A onda de atentados contra agentes penitenciários já mudou a rotina dos funcionários das unidades prisionais em Bauru. Na mira do Primeiro Comando da Capitão (PCC), até a vida social da categoria foi prejudicada pelo medo. Em cinco dias três agentes e um carcereiro foram mortos. No total, foram oito ataques em cidades como São Paulo, Guarulhos, Itapecerica da Serra e Campinas.

“Eles estão evitando ir a bares movimentados. Também foram orientados a não transitar em locais ermos”, comenta Reinaldo Duarte Soriano, vice-presidente do Sindicato dos Agentes Penitenciários do Oeste Paulista (Sindicop). De acordo com o sindicalista, mais da metade dos 500 agentes que trabalham na cidade abriu mão dos uniformes. Eles têm medo até de circular com a roupa embalada em sacolas.

“Quem pode ir de carro (ao trabalho), evita o ônibus (de transporte coletivo da categoria). O objetivo é não andar em grupo. O alvo é fácil. Como eles viram que a reação foi forte (da Polícia Militar contra a primeira onda de ataques, iniciada dia 12 de maio), se voltaram contra o agente penitenciário, que não tem nem porte de arma”, comenta Soriano.
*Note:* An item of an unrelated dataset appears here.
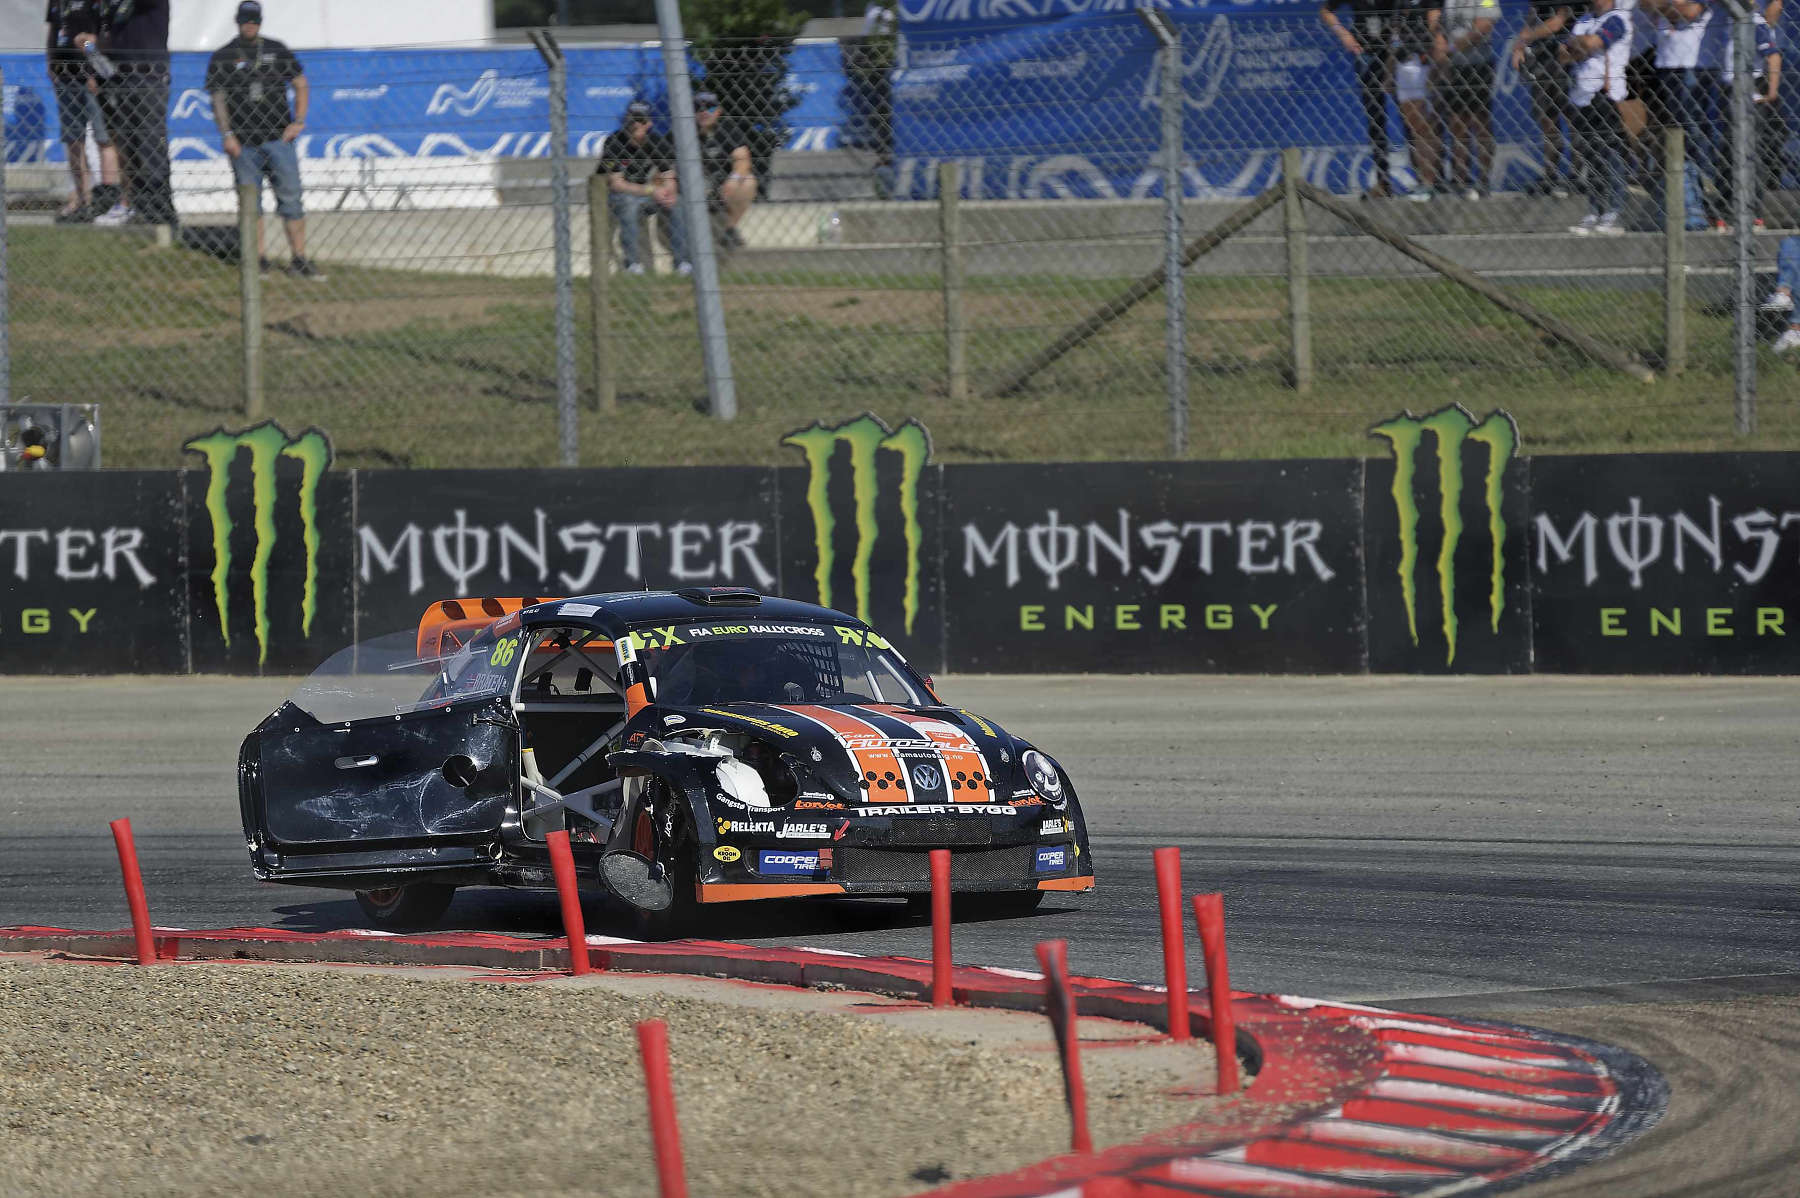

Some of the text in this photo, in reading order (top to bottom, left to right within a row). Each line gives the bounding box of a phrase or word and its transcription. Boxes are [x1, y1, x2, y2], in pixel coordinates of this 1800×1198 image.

Soma-se a isso o número reduzido de coletes à prova de bala, disponíveis apenas aos agentes de escoltas e vigilância penitenciária. Normalmente, eles ficam nas torres das penitenciárias, mas na época dos primeiros ataques, parte deles fez plantão na entrada das instituições, a pedido da diretoria.

Na ocasião, os ônibus foram escoltados, mas não em período integral. “O clima está tenso. Temos medo do que possa acontecer com nossa família. Não sabemos se estão nos esperando sair (de casa) para assassinar nossos filhos. Os atentados não vão parar por aí”, avalia.

Paralisação

Em virtude da morte dos companheiros, agentes penitenciários do Centro de Detenção Provisória (CDP) paralisaram a atividade, na quinta-feira passada, por duas horas. Em Bauru, o centro é reduto de presos do PCC, assim como o Instituto Penal Agrícola (IPA). Apesar disso, a paralisação foi desestimulada pelo sindicato.

“Não tinha uma liderança. Também não queremos que uma ação nossa fomente uma crise ainda maior e coloque os funcionários em risco”, informa o vice-presidente do sindicato. A paralisação, no entanto, pode ser decidida na próxima quinta-feira, quando serão realizadas três assembléias simultâneas. Uma em Bauru, outra em Pirajuí e a terceira em Serrana, cidade vizinha a Ribeirão Preto.

Se a maioria da categoria decidir pela mobilização, apenas 30% do quadro de funcionários continuará em operação, conforme manda a legislação. Neste caso, os funcionários manterão apenas a entrega de comida e atendimentos médicos. Outros serviços prestados aos presos como consultas com advogados, saídas para fóruns e banhos de sol, serão suspensos.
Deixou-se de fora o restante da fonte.